E' questa pietra, detta Gavina, che del paese attrae e trattiene. La pietra che forse nasconde agli sguardi profani quello che resta di una donna antica, signora e dominatrice.

Wednesday, August 10, 2011

Valrossara, un borgo d'accoglienza 2

Scoprire un luogo e i suoi semplici incanti (2)

In un taccuino ritrovato all'inizio del sentiero che porta a San Cristoforo, paesetto cresciuto attorno al suo castello e che dista da Valrossara 30 minuti di piacevole cammino su uno sterrato largo e ombreggiato, qualcuno che ha voluto sperimentare uno spaccato di vita nel borghetto, ha scritto:

"E improvvisamente il silenzio. Alla fine di agosto i villeggianti lasciano il piccolo borgo, tutti alla stessa ora.
Caricano le auto dei bagagli estivi e partono uno dopo l'altro, quasi incolonnati, con una certa fretta nella speranza di evitare il traffico del rientro in citta' ."

"Col tramonto un silenzio vasto, onnicomprensivo ma rassicurante, prende il posto del sottofondo di voci festose che simpaticamente avevano accompagnato, come una ninnananna, le ore precedenti la mezzanotte."

"Partiti i villeggianti, che rivedremo solo per qualche weekend settembrino, il borgo si colora di una luce speciale. Le mura delle case sembrano riposare rilasciando il calore impresso dall'estate ; e settembre avanza con la sua aria tersa e col sole che scalda ma non brucia. E' quello giusto per la maturazione dei grappoli prima della vendemmia."

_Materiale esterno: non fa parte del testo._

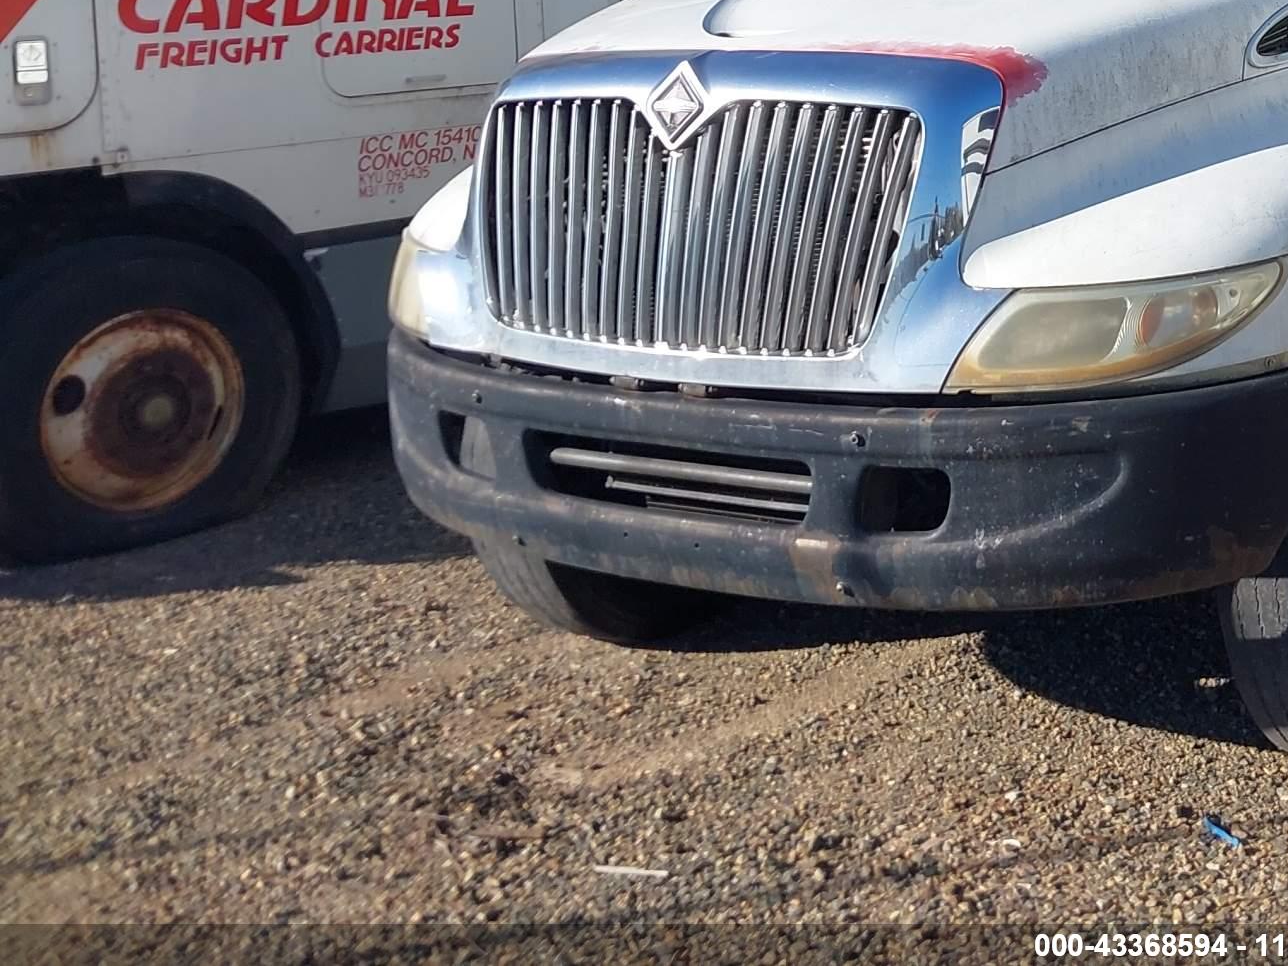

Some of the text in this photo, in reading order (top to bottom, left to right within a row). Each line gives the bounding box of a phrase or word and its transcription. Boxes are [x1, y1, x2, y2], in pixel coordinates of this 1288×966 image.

[135, 24, 461, 70] FREIGHT CARRIERS
[359, 135, 393, 155] ICC
[398, 131, 428, 151] MC
[358, 146, 457, 173] CONCORD,

"Gli alberi attorno e dentro il borgo intanto continuano a regalare abbondanza. Ora e' il tempo delle prugne, dei fichi, noci, nocciole, uva, mele, aspettando i cachi".

"31 agosto. Dopo due mesi finalmente si rivedono le Alpi. L'aria e' tersa e fresca e dietro San Cristoforo sono ricomparse le Alpi a ricordare che siamo al Nord e che vicino ci sono la Svizzera e la Francia."

"E' un colpo d'occhio di rara bellezza quello che si offre a chi passeggia al mattino sulla stradina che da Valrossara porta ai Nebbioli. Il paese di San Cristoforo, dominato dal castello al centro, e' tutto illuminato dal sole. Aggrappato al fondo di una valle che forma una V, timidamente esiste quasi a dire che non e' nulla in confronto all'imponente corona di Alpi che lo cinge e alle vette che gli fanno da sfondo."

"A settembre le giornate terse si susseguono, regalando dettagli di un mondo contadino antico che non vuole scomparire. Le cascine sparse fra collinette e valli riproducono ostentatamente il vivere d'altri tempi. Poche galline, qualche coniglio, l'orto, i tanti pomodori coltivati per farne una salsa casalinga e regalarla poi a figli, parenti, amici."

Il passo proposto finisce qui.